Al llegar a la ciudad, en un gran cartel ponía "Está Usted en Ciudad de la Navidad" y decía con cortesía, una elfa pequeñita:

- ¿Eres nueva? ¿Te has perdido? No te pongas a llorar, pues con mi jefe, en un momento, te entrará felicidad.

- ¿Quién es tú jefe? - consultó interesada.

- ¡Santa Claus! ¿¡Cómo no saberlo!? Entonces tú no sabes nada. ¿Aún andas un poco despistada?

- ¡Imposible! Santa Claus no existe. - regañó la otra enfadada.

- ¡Ay, chica! Te enseñaré yo, y te tragarás tus palabras.

La minúscula elfa corría delante, mas la joven Ángela, con andar, iba sobrante. La elfa se paró delante de la mayor casa y con los brazos abiertos le dijo : "No estoy de guasa".

Al entrar en la casita, Ángela quedó sorprendida, porque observó que entonces, su lección quedó aprendida. El bonachón obeso, vestido de rojo, le hizo una seña, para que se acercase un poco.

- Veamos, Ángela, tu siempre fuiste buena, por tanto en mi lista estás, ¿qué quieres esta Navidad?

Ángela, de pronto, se disgustó bastante, se acordaba de algo, que le fastidió al instante. Salió de la casa sin decir ni palabra, querría estar sola, algo echaba en falta.

- ¿Qué te pasa, querida? ¿No quieres regalos? - le preguntó Santa Claus con la lista en las manos.

- No quiero regalo, solo pedirle un favor. - la joven, cabizbaja, se lo pidió por favor.

- ¿De qué se trata, mi niña?

- De esto. Si es verdad de que va por todo el mundo en un momento... por favor, lleve esta carta a mi mejor amigo. - le decía, a la par que sacaba de un bolsillo interior de la chaqueta, un sobre amarillento.

- No te preocupes, de esto me encargo yo. Pero las paces, recuerda que las haces tú.

Cuando hubo vuelto a casa, corrió como el viento a vestirse; aquella noche había empezado, y a la cama no debía irse.

Cuando llegó al aeropuerto, el vuelo ya había aterrizado, mas ni rastro de su amigo, por allí había quedado.

- ¿¡Marc, dónde estás!? - preguntaba buscándolo, mas a sus oídos, respuesta, no había llegado.

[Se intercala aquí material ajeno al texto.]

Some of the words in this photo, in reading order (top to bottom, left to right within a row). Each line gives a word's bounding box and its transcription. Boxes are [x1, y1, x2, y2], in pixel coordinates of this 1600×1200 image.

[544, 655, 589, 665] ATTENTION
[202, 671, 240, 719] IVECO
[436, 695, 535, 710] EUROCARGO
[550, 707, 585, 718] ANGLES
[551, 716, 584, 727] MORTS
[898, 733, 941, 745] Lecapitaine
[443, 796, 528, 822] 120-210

Horas después, el vigilante la mandó echar, "Ya es tarde, niñita, y ahora te has de acostar". Mas Ángela no cesaba en su empeño de esperarle, "Dijo que se la daría, y yo aquí me quedo, no vaya a ser que se vaya".

Pasaron las horas y pronto amanecía. Ella estaba sentada junto a una pared, medio adormecida. Tapada por su largo abrigo, no corría frío, mas la promesa, Santa Claus, no había cumplido.

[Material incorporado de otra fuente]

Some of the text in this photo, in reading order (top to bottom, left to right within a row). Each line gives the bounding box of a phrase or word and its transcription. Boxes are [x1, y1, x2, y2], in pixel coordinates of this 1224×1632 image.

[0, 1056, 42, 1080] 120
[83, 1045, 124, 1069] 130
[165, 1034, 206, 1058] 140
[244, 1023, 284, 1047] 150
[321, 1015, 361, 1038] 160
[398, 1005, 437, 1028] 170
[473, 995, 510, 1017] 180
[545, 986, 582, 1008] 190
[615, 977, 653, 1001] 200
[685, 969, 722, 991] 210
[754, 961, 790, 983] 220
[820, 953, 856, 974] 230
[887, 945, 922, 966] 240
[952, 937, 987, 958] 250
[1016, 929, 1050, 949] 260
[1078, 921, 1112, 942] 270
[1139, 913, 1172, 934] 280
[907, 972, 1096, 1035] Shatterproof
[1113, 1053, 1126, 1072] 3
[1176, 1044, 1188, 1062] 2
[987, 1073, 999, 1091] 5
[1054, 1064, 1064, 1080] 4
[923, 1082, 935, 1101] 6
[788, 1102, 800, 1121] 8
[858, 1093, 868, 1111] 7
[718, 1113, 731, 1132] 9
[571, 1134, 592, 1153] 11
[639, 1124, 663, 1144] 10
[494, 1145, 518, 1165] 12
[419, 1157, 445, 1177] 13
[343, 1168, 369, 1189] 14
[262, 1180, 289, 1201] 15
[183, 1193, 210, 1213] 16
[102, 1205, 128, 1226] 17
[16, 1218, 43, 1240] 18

- ¿Qué será de mí? ¿Qué será de mi amigo? - murmuró mientras se alejaba, muerta de frío.

Volvió a su casa, con el ánimo por los suelos, pero sin saberlo, allí encontró su consuelo.

- ¡Sorpresa! - gritó su voz, cuando entro ella por la puerta.

- ¡Marc, estás aquí! - celebró la joven Ángela.

- Si, he vuelto, el me dio el recado. - sacó su carta - Te dije que existía, y... aquí tienes mi regalo.

- ¡Yo no quiero tus regalos, estúpido! - le reprendió ella.

- ¿¡Pero qué!?

- Yo te quiero a ti. - le dijo mientras le abrazaba.

Por arte de magia, un muérdago surgió sobre la feliz pareja. Ellos se besaron, dichosos y alegres, mientras en el cielo, un trineo, pasaba fugazmente.

- ¡Feliz Navidad! - él les dijo.

- ¡Siempre creeremos en ti, y gracias por el cometido!

Toda historia acaba con su final feliz. La moraleja de esta historia sería que entre las peleas y disputas, hay siempre que saber perdonar, y olvidar lo absurdo, que es época de unidad. De todos modos, a todos vosotros... ¡Feliz Navidad!